● Work order
Restate each entry below without changing a word.

Saved data entries
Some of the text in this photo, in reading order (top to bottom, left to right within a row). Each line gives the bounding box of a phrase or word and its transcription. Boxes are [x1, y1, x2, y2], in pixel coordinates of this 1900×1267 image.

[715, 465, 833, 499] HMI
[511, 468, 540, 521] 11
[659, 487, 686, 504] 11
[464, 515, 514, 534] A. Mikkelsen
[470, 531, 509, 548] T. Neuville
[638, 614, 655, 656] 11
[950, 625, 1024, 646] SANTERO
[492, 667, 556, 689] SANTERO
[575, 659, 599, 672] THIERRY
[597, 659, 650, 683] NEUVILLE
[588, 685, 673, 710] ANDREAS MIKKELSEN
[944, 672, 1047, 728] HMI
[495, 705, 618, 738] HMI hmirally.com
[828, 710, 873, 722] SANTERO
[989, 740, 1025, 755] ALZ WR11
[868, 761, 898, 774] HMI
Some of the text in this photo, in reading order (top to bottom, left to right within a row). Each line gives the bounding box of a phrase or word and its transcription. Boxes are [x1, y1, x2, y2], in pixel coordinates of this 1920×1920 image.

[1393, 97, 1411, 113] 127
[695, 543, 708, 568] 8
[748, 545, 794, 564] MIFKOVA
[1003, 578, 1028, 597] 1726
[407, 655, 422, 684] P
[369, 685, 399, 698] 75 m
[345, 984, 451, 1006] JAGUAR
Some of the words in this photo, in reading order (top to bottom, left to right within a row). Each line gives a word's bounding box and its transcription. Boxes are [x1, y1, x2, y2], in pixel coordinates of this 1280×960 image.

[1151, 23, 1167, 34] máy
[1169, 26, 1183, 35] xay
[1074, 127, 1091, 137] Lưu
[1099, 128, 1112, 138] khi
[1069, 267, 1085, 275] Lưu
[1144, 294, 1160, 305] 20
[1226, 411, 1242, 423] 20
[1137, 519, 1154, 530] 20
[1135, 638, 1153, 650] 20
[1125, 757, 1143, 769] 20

● Solved exercise
Some of the text in this photo, in reading order (top to bottom, left to right within a row). Each line gives the bounding box of a phrase or word and its transcription. Boxes are [x1, y1, x2, y2], in pixel coordinates of this 1900×1267 image.

[715, 465, 833, 499] HMI
[511, 468, 540, 521] 11
[659, 487, 686, 504] 11
[464, 515, 514, 534] A. Mikkelsen
[470, 531, 509, 548] T. Neuville
[638, 614, 655, 656] 11
[950, 625, 1024, 646] SANTERO
[492, 667, 556, 689] SANTERO
[575, 659, 599, 672] THIERRY
[597, 659, 650, 683] NEUVILLE
[588, 685, 673, 710] ANDREAS MIKKELSEN
[944, 672, 1047, 728] HMI
[495, 705, 618, 738] HMI hmirally.com
[828, 710, 873, 722] SANTERO
[989, 740, 1025, 755] ALZ WR11
[868, 761, 898, 774] HMI
Some of the text in this photo, in reading order (top to bottom, left to right within a row). Each line gives the bounding box of a phrase or word and its transcription. Boxes are [x1, y1, x2, y2], in pixel coordinates of this 1920×1920 image.

[1393, 97, 1411, 113] 127
[695, 543, 708, 568] 8
[748, 545, 794, 564] MIFKOVA
[1003, 578, 1028, 597] 1726
[407, 655, 422, 684] P
[369, 685, 399, 698] 75 m
[345, 984, 451, 1006] JAGUAR
Some of the words in this photo, in reading order (top to bottom, left to right within a row). Each line gives a word's bounding box and its transcription. Boxes are [x1, y1, x2, y2], in pixel coordinates of this 1280×960 image.

[1151, 23, 1167, 34] máy
[1169, 26, 1183, 35] xay
[1074, 127, 1091, 137] Lưu
[1099, 128, 1112, 138] khi
[1069, 267, 1085, 275] Lưu
[1144, 294, 1160, 305] 20
[1226, 411, 1242, 423] 20
[1137, 519, 1154, 530] 20
[1135, 638, 1153, 650] 20
[1125, 757, 1143, 769] 20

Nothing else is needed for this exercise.